We were sitting out on Michelle’s balcony. She lived on a high floor and had a great southern view of the city. City View was the name of the development.  I remember looking at all of the burned out bulbs on the top of the PECO building. I always found that ironic. THE ELECTRIC COMPANY CAN’T CHANGE THEIR BULBS WHEN THEY BURN OUT.

They have since replaced the whole moving signage with more energy-efficient LED lights.

We were sipping chardonnay as usual. Laughing, smoking and chatting away the evening. Then this horrible sentence happened:

Michelle: “You know…it’s been awhile since I got my period. I think I’m late.”

No man ever wants to hear these words. My father drilled into my brain as a boy how being on time is a super important thing.

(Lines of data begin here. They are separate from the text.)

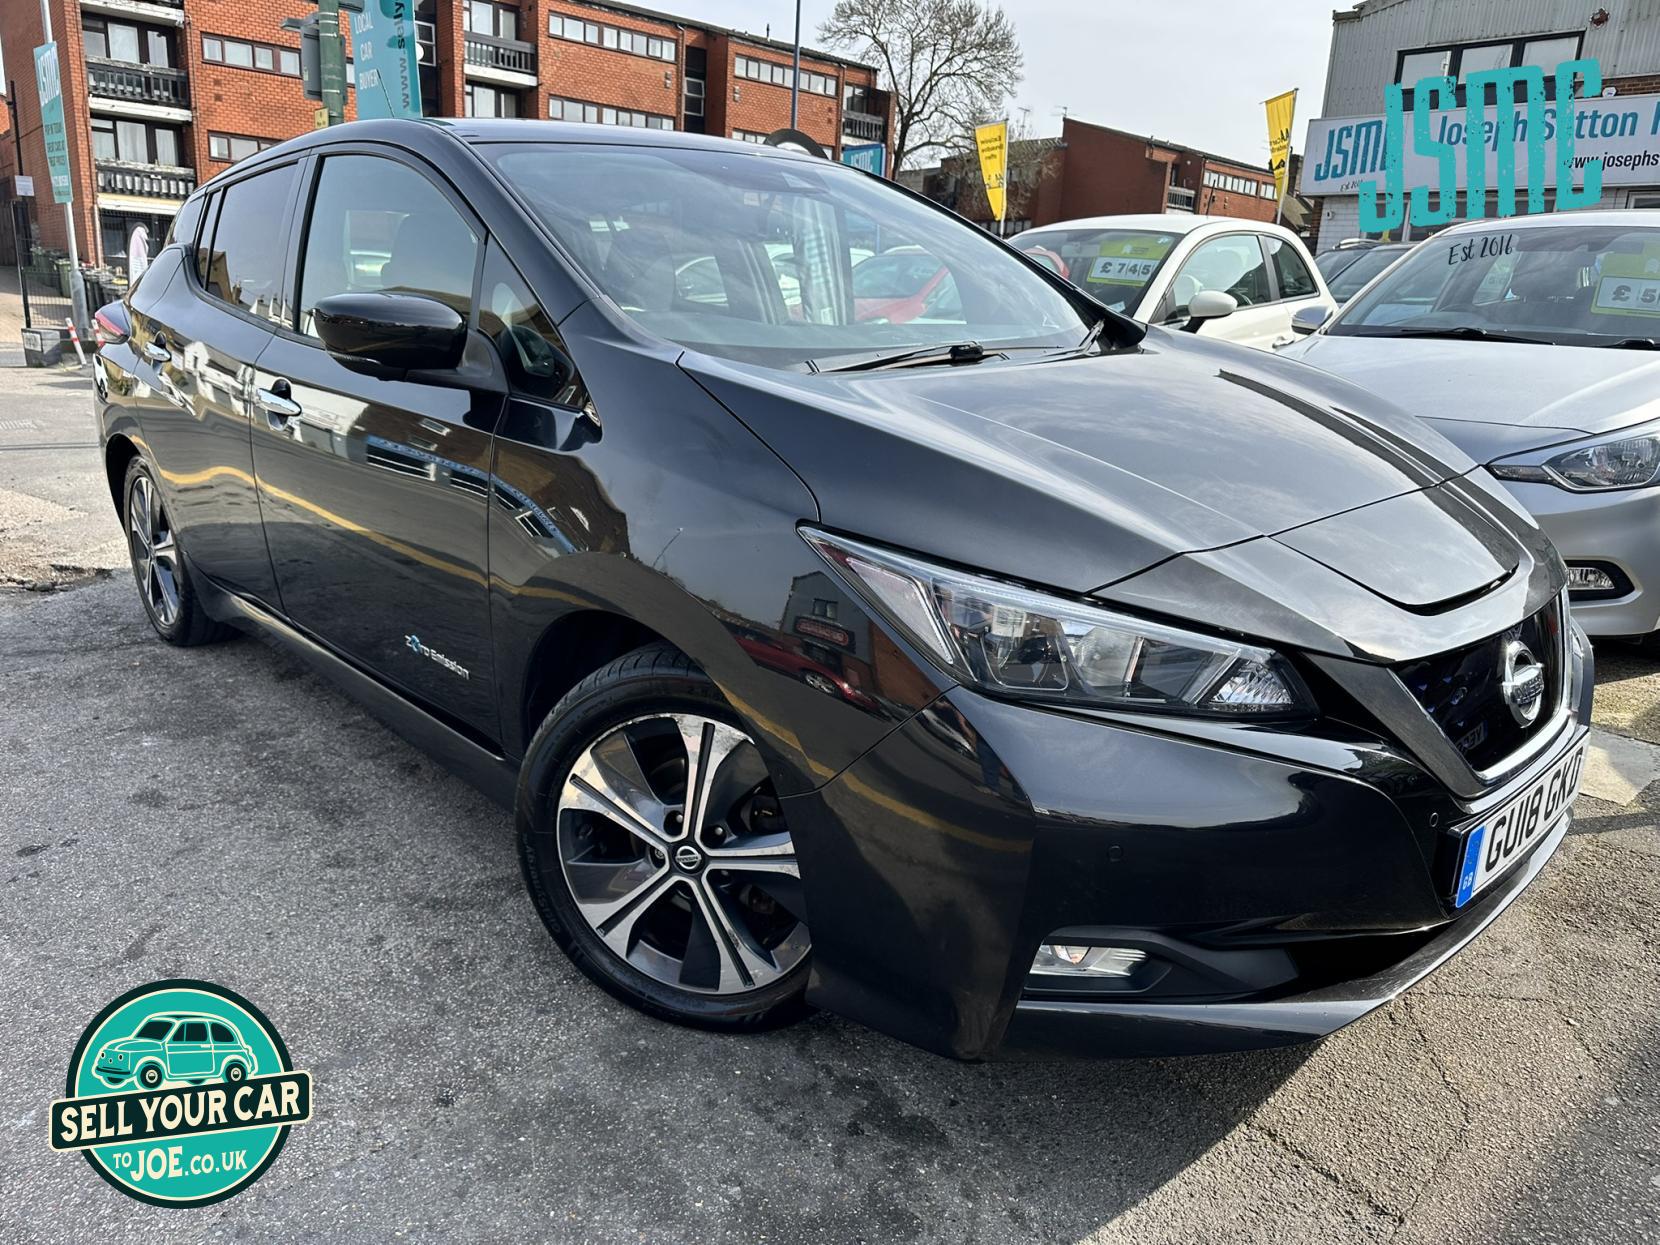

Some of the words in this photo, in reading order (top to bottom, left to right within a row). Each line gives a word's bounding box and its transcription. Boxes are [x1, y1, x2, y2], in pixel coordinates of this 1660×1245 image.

[354, 11, 374, 34] LOCAL
[361, 41, 373, 62] CAR
[360, 68, 379, 90] BUYER
[1439, 111, 1528, 152] Joeh
[1544, 109, 1639, 140] Stton
[1314, 120, 1386, 181] JSM
[1485, 784, 1543, 872] GU18
[1462, 872, 1474, 890] GB
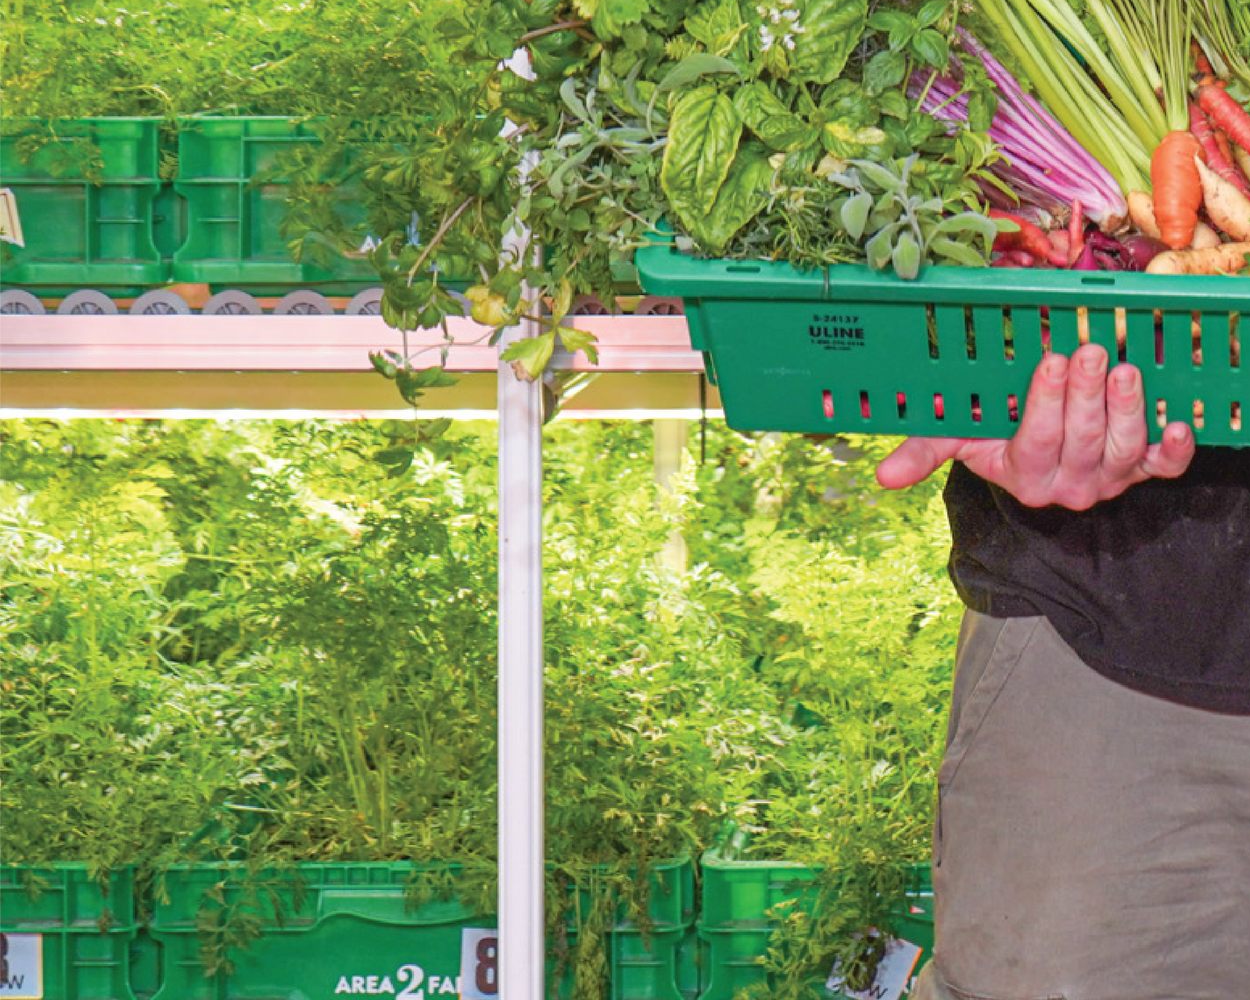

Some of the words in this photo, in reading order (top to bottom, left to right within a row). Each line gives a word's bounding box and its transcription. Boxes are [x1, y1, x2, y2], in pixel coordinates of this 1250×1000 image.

[809, 325, 866, 339] ULINE
[334, 975, 395, 994] AREA
[395, 963, 424, 1000] 2

But this a whole different kind of “Late.”

I told her she was probably fine and just miscounted the days or something.

This is Def Con 4 boys….

She goes and gets a pregnancy test. Literally runs over to the drugstore across the street to get one. (Women are awesome. They know things) She comes back. I’m still sipping and smoking. She goes into the bathroom.

Within a few minutes, the next thing I hear is:

“Ohhhhhhhhhh Fuuuuuuuck!

I think at that moment I was glad I had a bunch of wine in me. Michelle came out and showed me the wand with the little plus sign on it.

There’s nothing “positive”about seeing that. But I guess for some it’s a moment of great joy.

For us, that was definitely not the case.

Michelle was not on the pill. I don’t remember why not, but taking that every day can have some negative effects on a woman’s body. That’s probably why she wasn’t on it. I remember using condoms a lot but apparently not enough. So stupid of me. I could say, “I don’t know how that could have happened!” But you don’t slip and fall into someone.  Whoops! Sorry I got you pregnant. That is one mighty sperm out of millions that makes that fateful journey and wins the race. Once that one guy lands on that tiny planet, there is an electrical charge. No one else can get in. That’s why I don’t believe in artificial insemination.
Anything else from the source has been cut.